Verlorene Kinder by Spitzner Anne

Verlorene Kinder by Spitzner Anne

Autor:Spitzner, Anne [Spitzner, Anne]
Die sprache: deu
Format: epub
ISBN: 978-3-944257-61-7
Herausgeber: Hallenberger Media UG (haftungsbeschränkt), Schardt Verlag e.K.
veröffentlicht: 2015-01-13T05:00:00+00:00


Es ist kurz vor halb fünf, als Vera wie schon heute Morgen ihren Kopf durch die Tür steckt und einen Kevin Czeran ankündigt. Der junge Mann, der kurz darauf das Büro der beiden Kommissarinnen betritt, macht auf Sandra sofort den gleichen Eindruck wie Fabian und Sven: gutaussehend und sportlich, mit einer gewissen Körperhaltung, die ihn extrem sexualisiert – und zur gleichen Zeit völlig geschlechtslos wirken lässt.

Jana scheint nichts davon wahrzunehmen. Vollkommen unbefangen streckt sie ihm die Hand hin und bittet ihn, Platz zu nehmen. Doch Sandra bleibt, wo sie ist, den dunkelblonden Mann nachdenklich und unverwandt betrachtend.

Er begrüßt sie unsicher mit einer Neigung des Kopfes. Sofort kann Jana die für sie unerklärliche Verbindung zwischen Sandra und dem dritten der jungen Männer wieder spüren. Sie überlässt ihrer Kollegin die Initiative.

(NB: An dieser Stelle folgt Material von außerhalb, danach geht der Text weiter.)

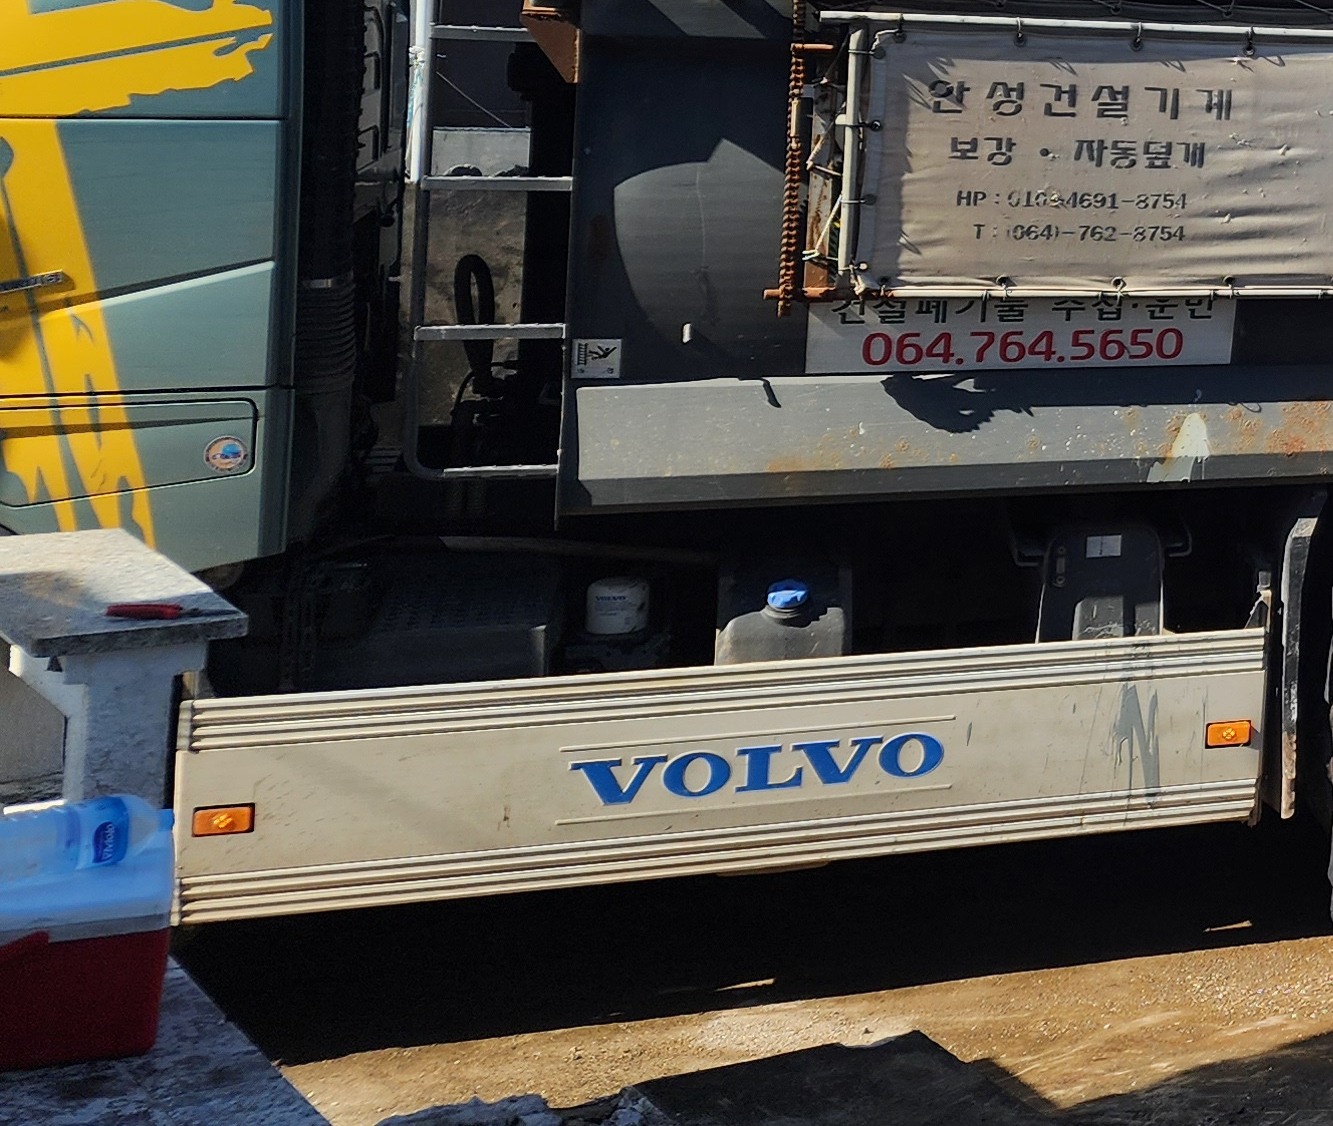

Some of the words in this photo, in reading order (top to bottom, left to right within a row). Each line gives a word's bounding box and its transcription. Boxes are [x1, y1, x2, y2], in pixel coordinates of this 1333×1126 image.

[948, 136, 1017, 166] 보강
[1073, 138, 1206, 169] 자동덮개
[862, 327, 1184, 365] 064.764.5650
[569, 731, 945, 806] VOLVO

„Sie wissen, warum Sie hier sind?“

Kopfschütteln.

„Stefan Dirusky ist tot.“

Schulterzucken. „Und was geht mich das an?“ Im Kontrast zu den gleichgültigen Worten ein Aufblitzen in den blaugrünen Augen.

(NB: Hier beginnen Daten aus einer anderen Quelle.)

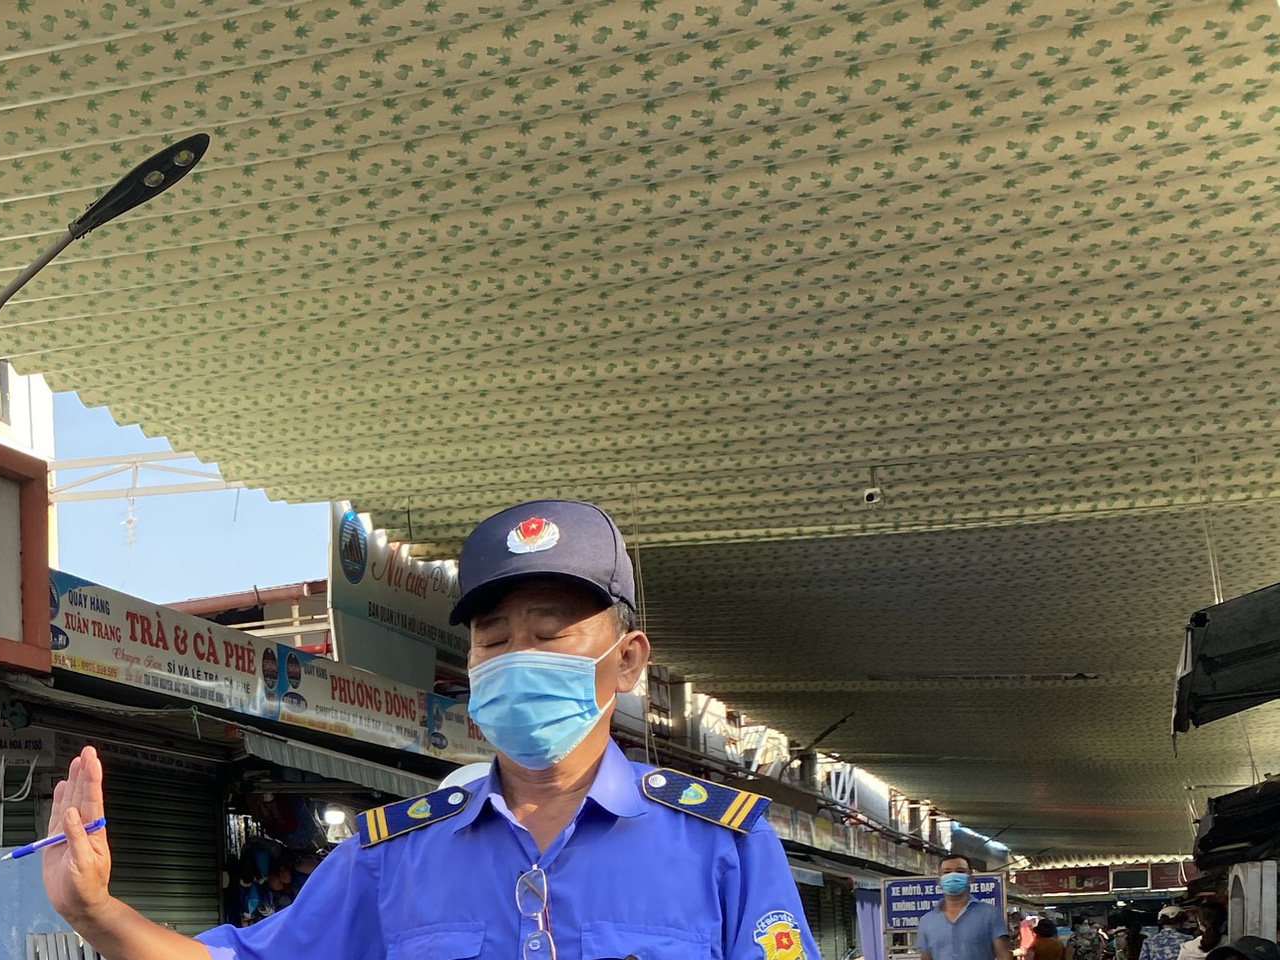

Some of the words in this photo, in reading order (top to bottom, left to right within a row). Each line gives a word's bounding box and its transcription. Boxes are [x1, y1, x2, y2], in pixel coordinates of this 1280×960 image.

[91, 620, 122, 644] TRANG
[126, 611, 169, 651] TRÀ
[174, 625, 188, 655] &
[193, 627, 219, 665] CÀ
[223, 641, 256, 676] PHÊ
[178, 663, 190, 678] VÀ
[330, 675, 382, 713] PHƯƠNG
[384, 686, 416, 722] ĐÔNG

Sandra weiß, dass sie nicht zu ihm wird vordringen können, solange Jana im gleichen Raum ist. Deshalb stellt sie eine gleichgültige Frage nach der anderen, bis ihre Kollegin die Taktik begreift und das Büro unter einem Vorwand verlässt.

Sobald sie gegangen ist, beugt Kevin sich angespannt vor. „Ich habe mit Fabian telefoniert“, sagt er, und Sandra braucht keine weiteren Ergänzungen.

„Dann wissen Sie also auch über mich Bescheid. Und Sie wussten doch, warum wir Sie herbestellt hatten.“

Er nickt. „Aber ich schwöre Ihnen, dass ich nichts mit dem Mord an dem Arsch zu tun hatte.“

„Können Sie sich vorstellen, dass Stefan Dirusky von einem Ihrer Freunde ermordet worden ist?“ Sie macht gar nicht erst den Versuch, ihn seiner unflätigen Ausdrucksweise wegen zurechtzuweisen. Erstens ist Jana nicht anwesend, und zweitens ist sie, da er um ihre Vergangenheit weiß, gar nicht in der moralischen Position dazu.

Wie erwartet, schüttelt Kevin den Kopf. Dabei fallen ihm seine dunkelblonden Haare in die Stirn, die er mit einer hastigen Bewegung wieder glattstreicht. Wie ähnlich sie sich doch alle sind, wenn es darum geht, den Schein zu wahren. Als wäre ihr Körper eine Mauer, hinter der sie sich verstecken können.

Sandra hat in langer psychologischer Beratung gelernt, wieder eine Beziehung zu ihrem Körper aufzubauen, ihn nicht mehr als etwas zu sehen, das nicht zu ihr gehört oder sogar ihr Feind ist, sondern ihn wieder als Teil ihres Ichs zu betrachten. Haben die drei jungen Männer ähnliche Hilfe gehabt?

Auf ihre spontane Frage gibt Kevin keine Antwort. Schließlich sieht er hoch. „Niemand hat uns geglaubt. Wir hatten also keinen Grund, psychologische Hilfe zu bekommen.“ Seine Stimme klingt so bitter, dass es Sandra einen Stich ins Herz gibt.

Jana betritt den Raum wieder. Offenbar will sie Sandra nicht zu lange mit dem Mordverdächtigen in einem Raum lassen. Ihr ist eingefallen, wie sehr Sandra sich ohnehin schon emotional mit dem Fall befasst, anstatt ruhig und nüchtern zu urteilen.

Doch eigentlich ist Sandra mit Kevin schon fertig. Nach seinem Alibi hat sie ihn bereits vorher gefragt. „Bitte halten Sie sich zur Verfügung“, merkt sie noch an, bevor sie ihm zaghaft die Hand schüttelt und er das Büro verlässt.